Trapped in a lift, undergraduate students Harry Lucas and Liam Ellul immediately struck up a conversation about “the future and how it was going to happen”.

The conversation ended with the makings of a business idea and ultimately saw the creation of start-up Seer Insights.

“We were originally looking at hyperspectral imaging for broadacre farming and drawing inferences from that kind of data,” Ellul said.

This type of aerial imaging typically uses drones to overfly paddocks or crops and detect – for example – their health.

The plan was to do this for vineyards but after talking to members of the industry, Ellul and Lucas weren’t confident there was a market for it.

“We were looking at drones as a data collection system,” Lucas said.

It turned out drones aren’t much use for data collection in vineyards because it can be hard to spot grapes under the canopy of the vines.

But it also turned out that collecting data wasn’t a burning issue among viticulturists.

“We went into one viticulturist’s office and he pretty much said, ‘We have so much data. We don't need more data - we need to know what our yield is’,” Lucas said.

Until now, yields have mostly been calculated by hand. Grape growers will count bunches in various parts of the vineyard and then mathematically extract an estimation of the expected yield of the entire crop.

The estimate is used to calculate production and transport requirements, but can be out by up to 30 percent – which has significant financial implications for the supply chain, Lucas said.

The industry says inaccurate yield estimates cost it about $200 million a year.

Seer Insights’ answer to the problem is to digitise the data collection – growers record bunch counts in a mobile app rather than on paper – and then to apply machine learning algorithms to the data to more accurately work out the expected yield.

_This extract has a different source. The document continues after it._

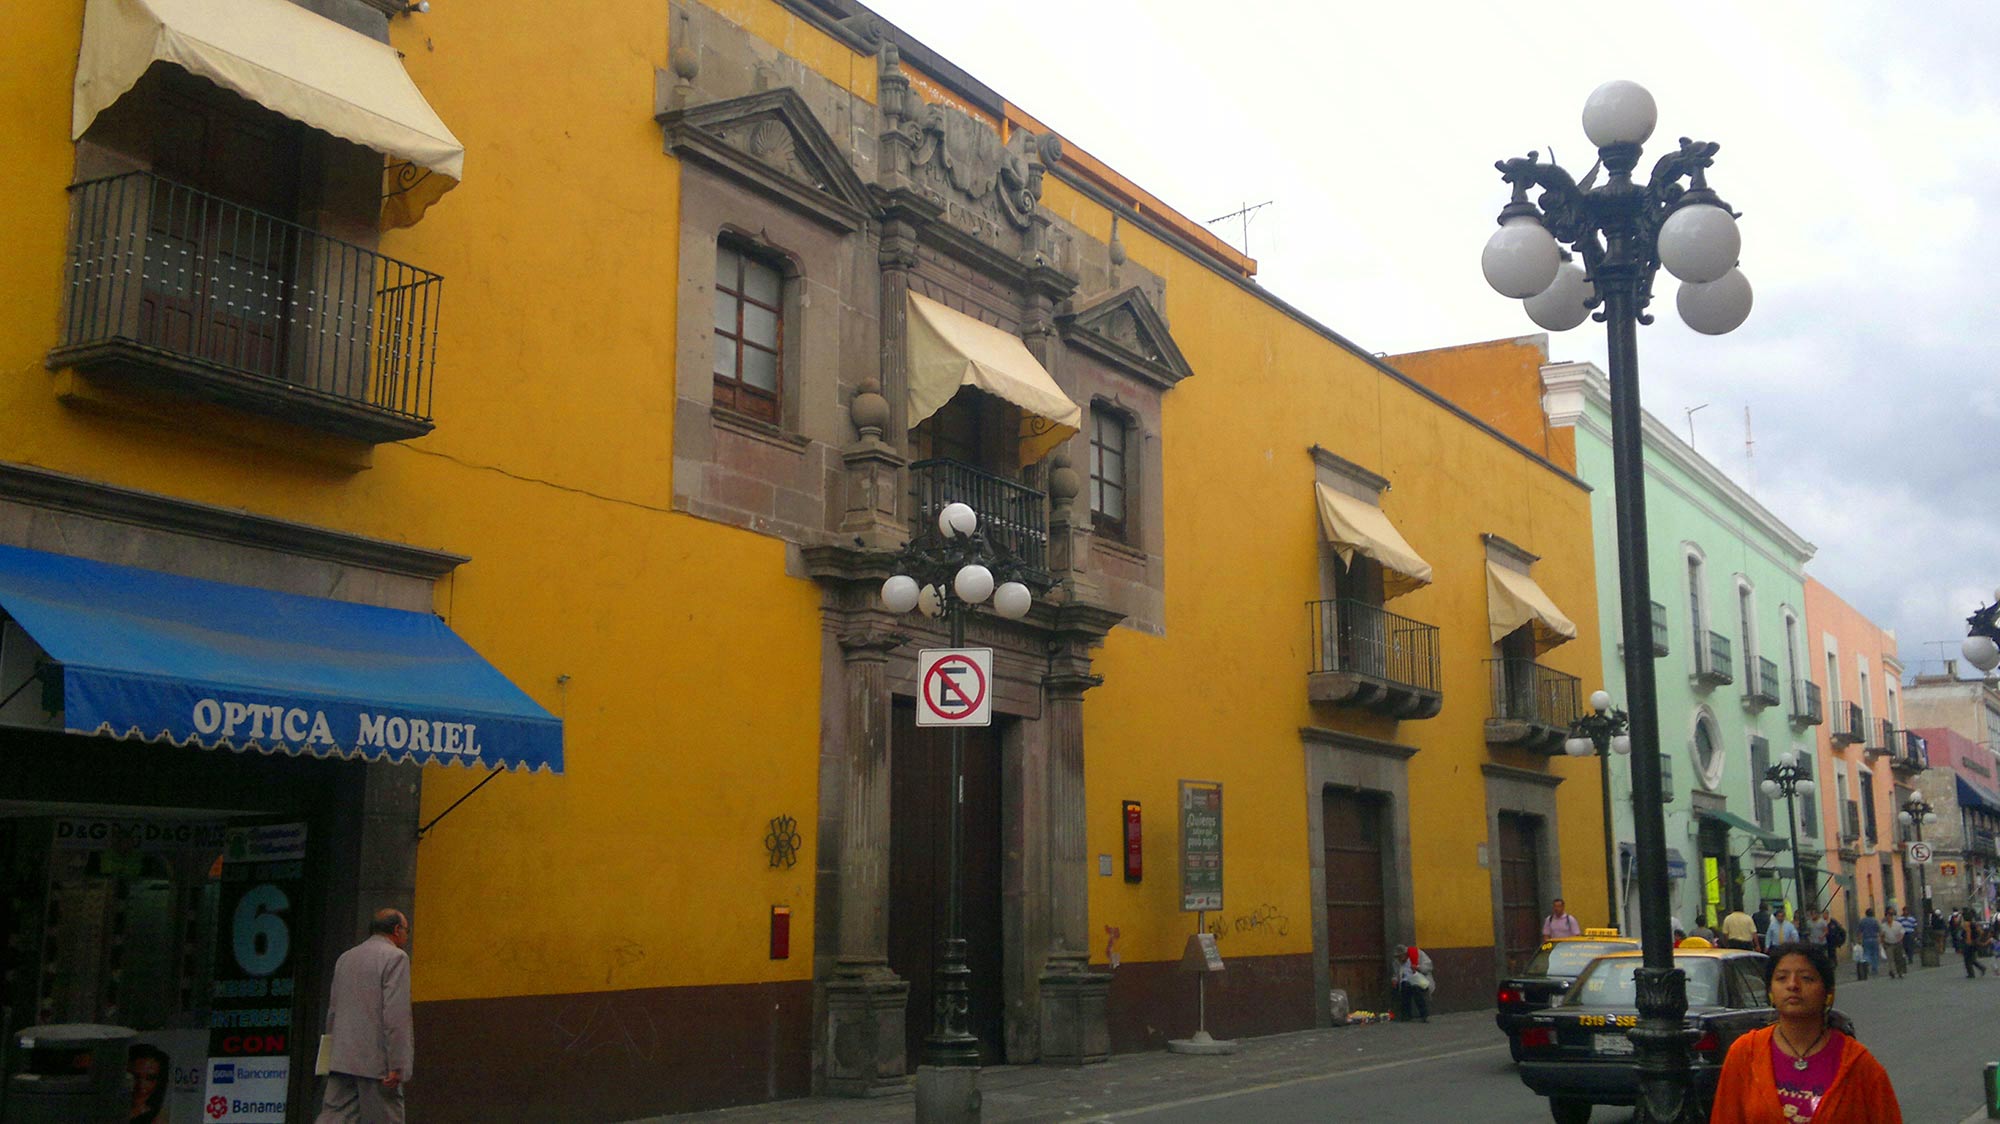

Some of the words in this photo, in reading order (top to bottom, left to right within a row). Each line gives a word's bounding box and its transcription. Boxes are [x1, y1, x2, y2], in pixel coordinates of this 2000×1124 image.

The company is testing its GrapeBrain system this growing season with various wineries and contract grape growers in South Australia.

They hope these tests will prove the system’s efficacy and provide valuable feedback on any tweaks needed before the system can be made commercially available.

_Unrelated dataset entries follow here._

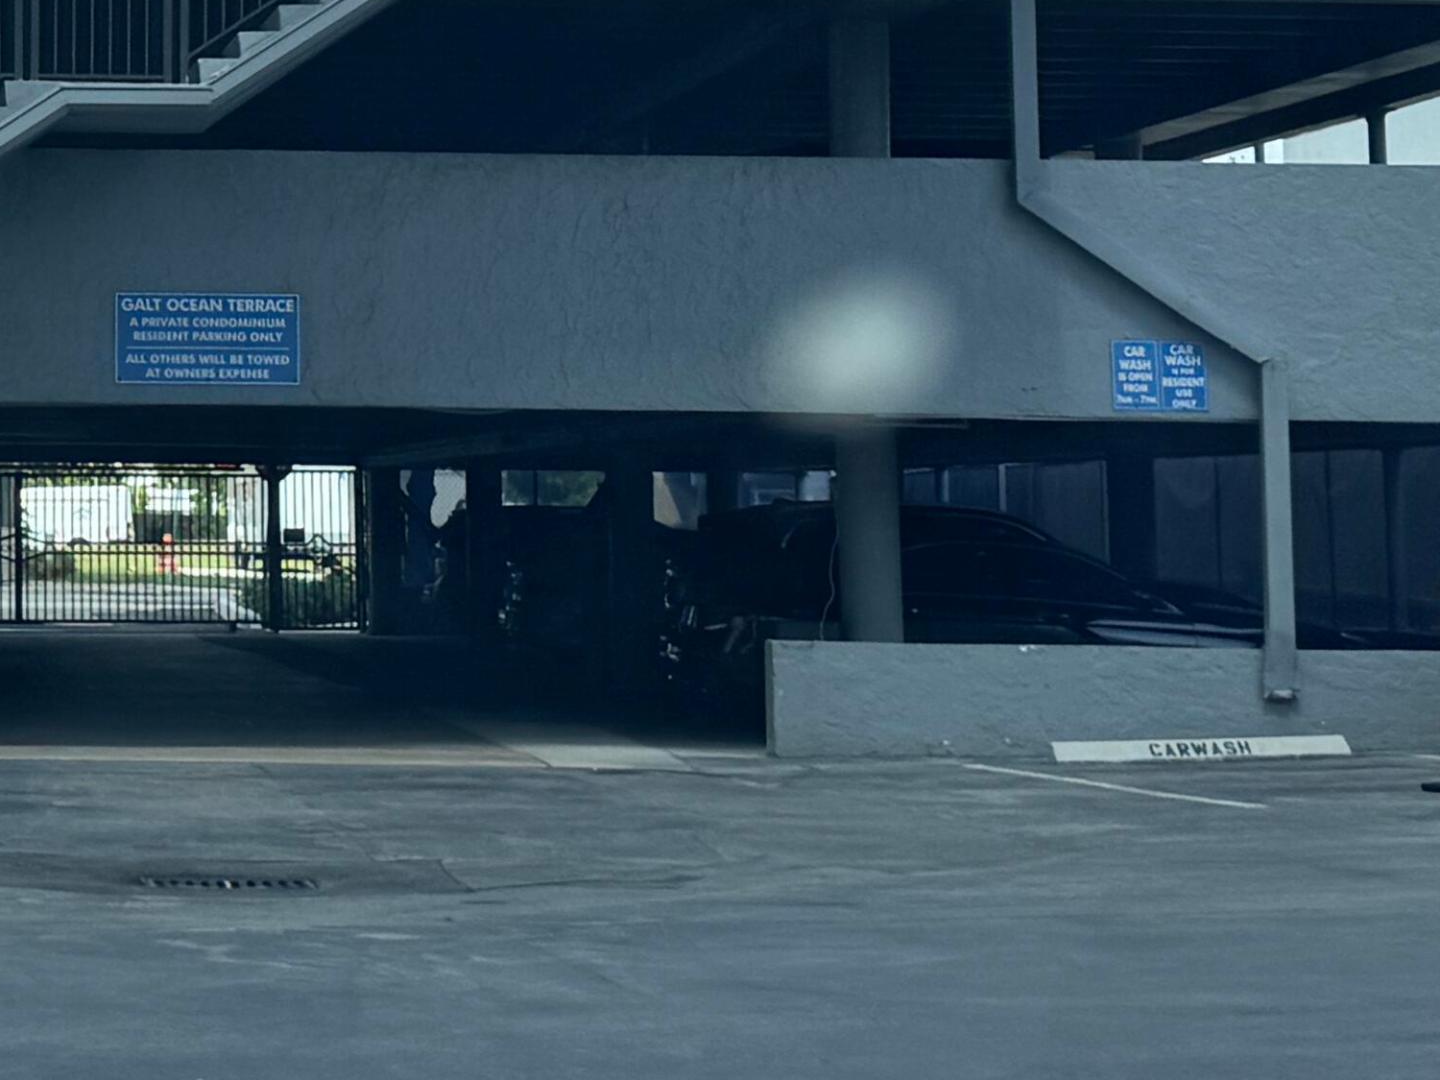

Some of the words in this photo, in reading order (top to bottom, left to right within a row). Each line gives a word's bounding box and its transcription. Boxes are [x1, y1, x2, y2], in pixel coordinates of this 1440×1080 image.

[121, 298, 161, 312] GALT
[167, 298, 223, 312] OCEAN
[227, 299, 295, 313] TERRACE
[129, 317, 139, 327] A
[141, 317, 189, 327] PRIVATE
[192, 317, 286, 328] CONDOMINIUM
[133, 331, 189, 341] RESIDENT
[192, 331, 247, 342] PARKING
[250, 332, 283, 342] ONLY
[1123, 345, 1146, 357] CAR
[1170, 344, 1194, 355] CAR
[125, 354, 147, 364] ALL
[150, 354, 195, 364] OTHERS
[198, 354, 226, 365] WILL
[230, 355, 244, 365] BE
[247, 355, 290, 365] TOWED
[1119, 359, 1152, 371] WASH
[1164, 355, 1201, 367] WASH
[145, 368, 161, 378] AT
[164, 368, 216, 379] OWNERS
[219, 369, 270, 379] EXPENSE
[1128, 372, 1153, 381] OPEN
[1123, 383, 1148, 392] FROM
[1162, 377, 1205, 387] RESIDENT
[1175, 389, 1193, 398] USE
[1172, 399, 1197, 409] ONLY
[1148, 740, 1253, 758] CARWASH

The system itself is built on top of a Microsoft stack which the co-founders have stitched together.

The architecture decision in some ways isn’t surprising – they recently won an entrepreneurial competition at the University of Adelaide that was sponsored by Microsoft.

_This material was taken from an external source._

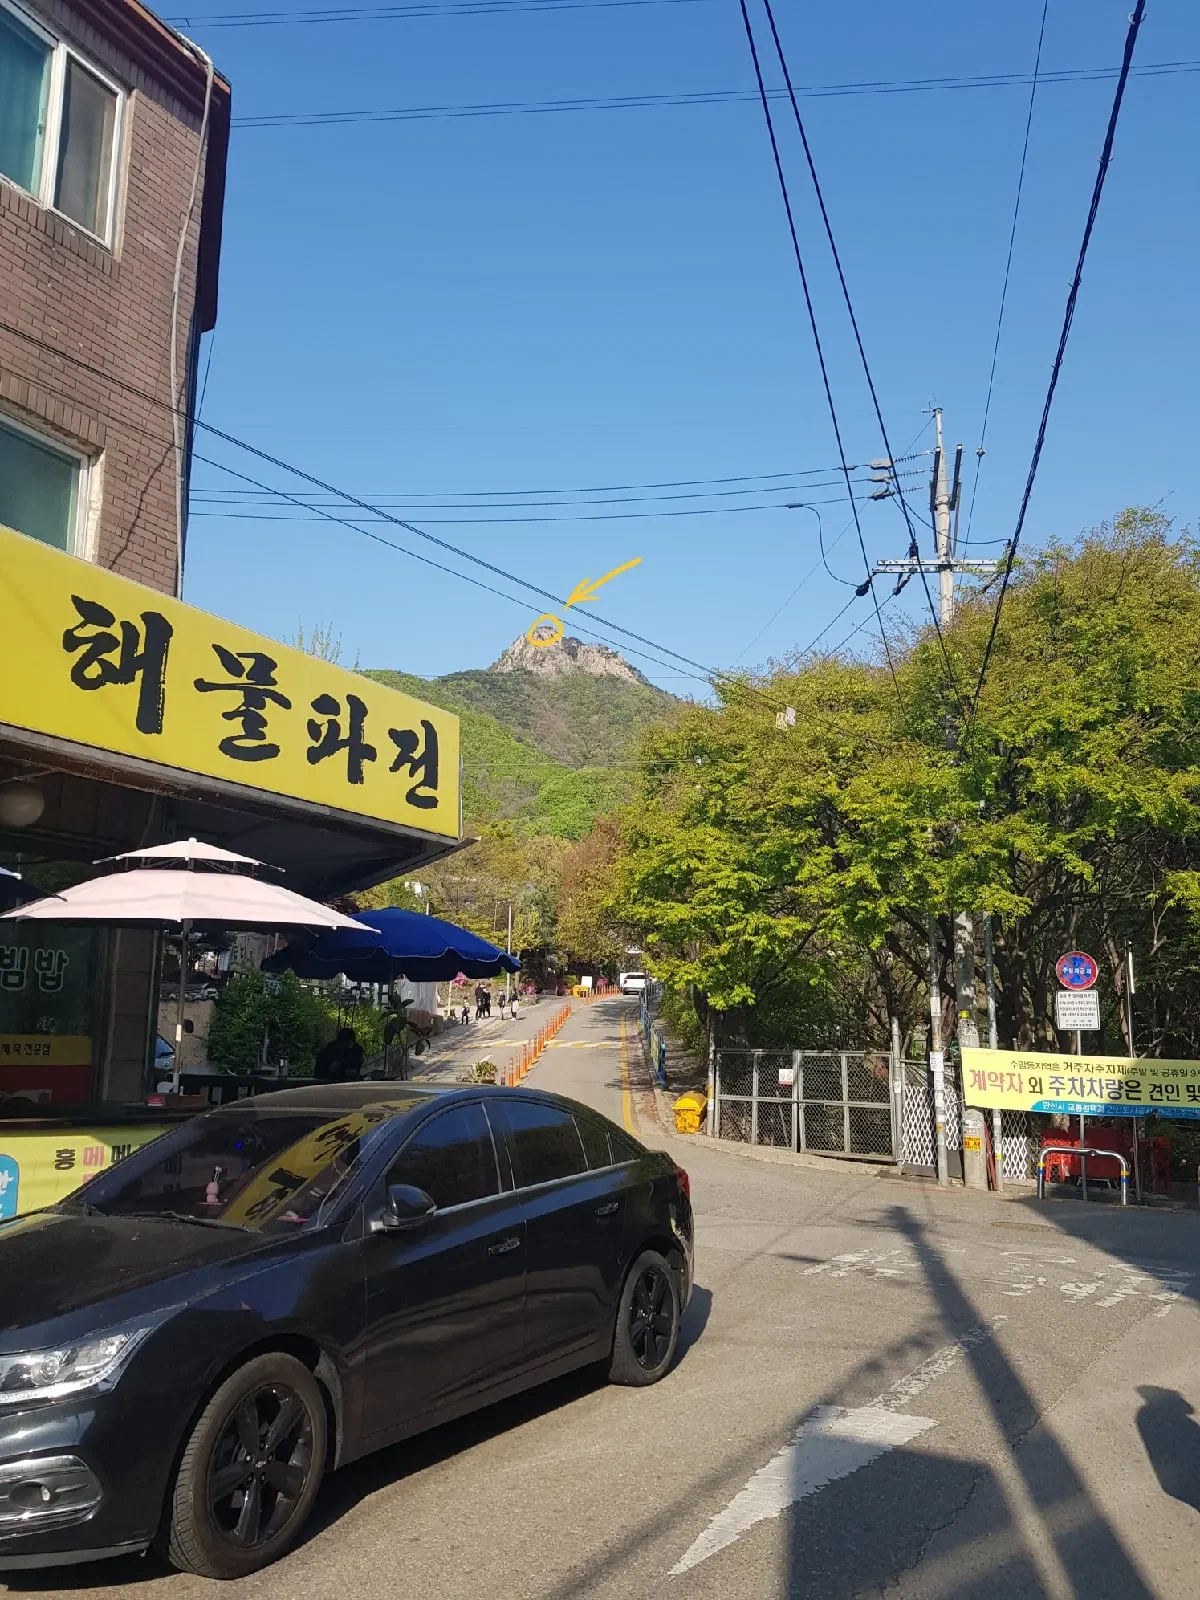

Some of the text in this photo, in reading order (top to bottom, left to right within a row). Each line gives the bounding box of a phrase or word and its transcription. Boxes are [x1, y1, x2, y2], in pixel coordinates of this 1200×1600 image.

The prize included time at Microsoft’s Innovation Centre in Adelaide and they receive ongoing guidance and support from the technology giant.

With proof of concept testing underway, Seer Insights has only recently begun looking for funding to scale up the business.

“It initially started off for the love [of it],” Ellul said.

“We were operating through necessity. We tried to keep it as lean as possible.”

That included not asking the wine industry for any cash – a strategy Ellul believes has worked well for Seer’s development.

“Because we’re new to the business, when I was going into a large multinational [winery] and asking them for a bunch of their data, I was treading very lightly around asking them for petrol money,” Ellul told Information Age.

“It ended up that not expecting money from the wine organisations was a good thing.

“We've been getting a lot more support internally from these companies now because we’ve displayed that we're serious about this and we're doing it because we think we can get something happening.”

GrapeBrain is not the only initiative that is trying to solve the problem of yield estimation.

UNSW researchers are driving cars and robots mounted with cameras along the rows of grapes in vineyards in a bid to more accurately estimate yields.

They hope to be able to provide accurate estimates even before the vines begin to bud; Seer Insights, by contrast, is predicting estimates up to three months before harvest.

“Ideally wineries would be loving it if you could predict it a year in advance but that gets quite complicated,” Lucas said.